Alternatively, we propose a two steps scheme represented in Fig. 2, where a blind de-noising algorithm is first performed on the decoded frames, before applying the proposed mehtods.

Alternative two step schemes with first pass blind de-noising.

Selecting the number of clusters

Selecting the number of clusters K is crucial for the overall RD performances, as increasing K improves the de-noising performances, but also the bit-rate associated to the projection functions. We thus propose an adative method to select K, based on a rate-distortion optimization (RDO) criterion, which proceeds as follow:

At initialization, the full data set is considered as one cluster
Each cluster is then recursively split in 2 clusters if the RDO criterion (explained below) is satisfied, creating a binary tree structure
The procedure stops when no RDO criterion is satisfied, or a certain maximum tree depth is reached

To perform the exact same partitioning at the decoder, we then need to transmit the binary tree structure.
The aforementioned RDO criterion can be computed for each cluster, first by estimating the distortion between the de-noised patches of the cluster and the corresponding source patches. The rate is then esitmated as the number of bits of the encoded projection function used to de-noise the patches. Thus, to decide if a cluster $C_{n}$ is further divided into two clusters $C_{n+1}$ and $C_{n+2}$, we merely check the following condition on the associated rate distortion costs: $J_{n+1} + J_{n+2} < J_n$. An example of binary tree structure obtained after recursive paritioning is given in Fig. 3.

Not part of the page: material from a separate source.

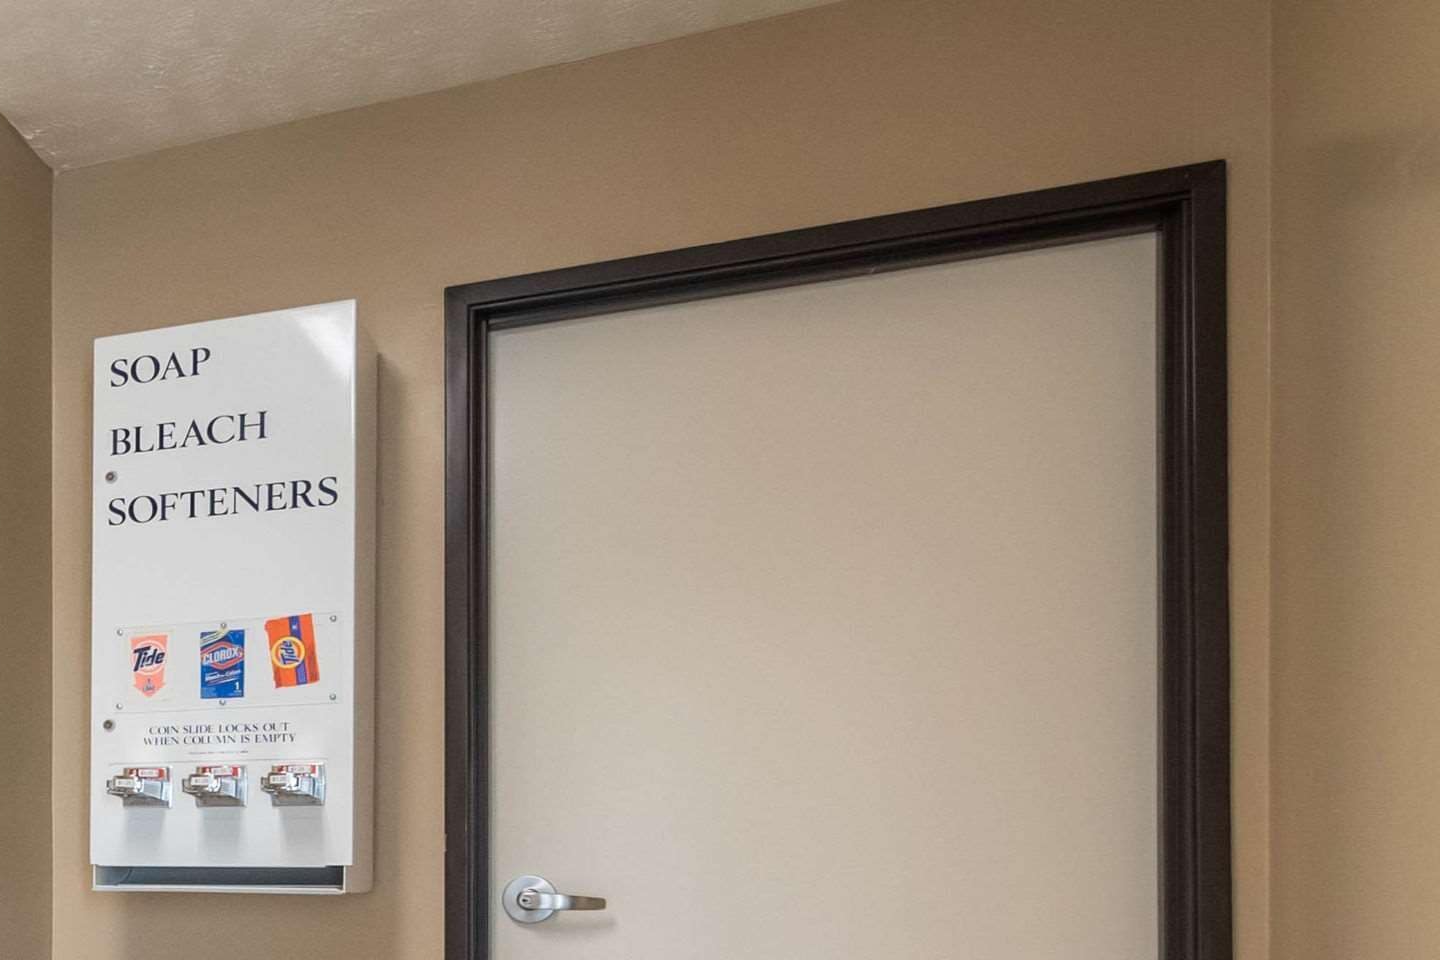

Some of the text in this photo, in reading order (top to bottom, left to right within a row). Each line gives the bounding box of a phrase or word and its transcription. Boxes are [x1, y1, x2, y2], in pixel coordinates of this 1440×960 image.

Example of a cluster partition based on a binary tree structure and an RDO criterion. The clusters are recursively split to reach 4 clusters. The tree structure is described by only 5 bits.

Oracle clustering

We propose a so-called oracle clustering, which goal is to maximize the de-noising performances of the proposed scheme for a fixed number of clusters $K$. Formally, the oracle clustering solve the following problem: $$\min_C \sum_{i=1 \dots K} \sum_{x_d,x_s \in C_i} || x_s - \textbf{P}_i x_d || ^2 $$ where $x_s$ and $x_d$ are corresponding source and decoded patches respectively, and $\textbf{P}_i$ is the projection function corresponding to the cluster $C_i$.
This oracle clustering is not reproducible at the decoder side, as it relies on the knowledge of the source patches, and thus can not be directly applied in the proposed scheme. However, it allows to define an upper bound on the performances.


First frame of the Kimono source sequence.	First frame of the Kimono sequence encoded with HEVC at QP=37. Decoded PSNR = 37.95dB.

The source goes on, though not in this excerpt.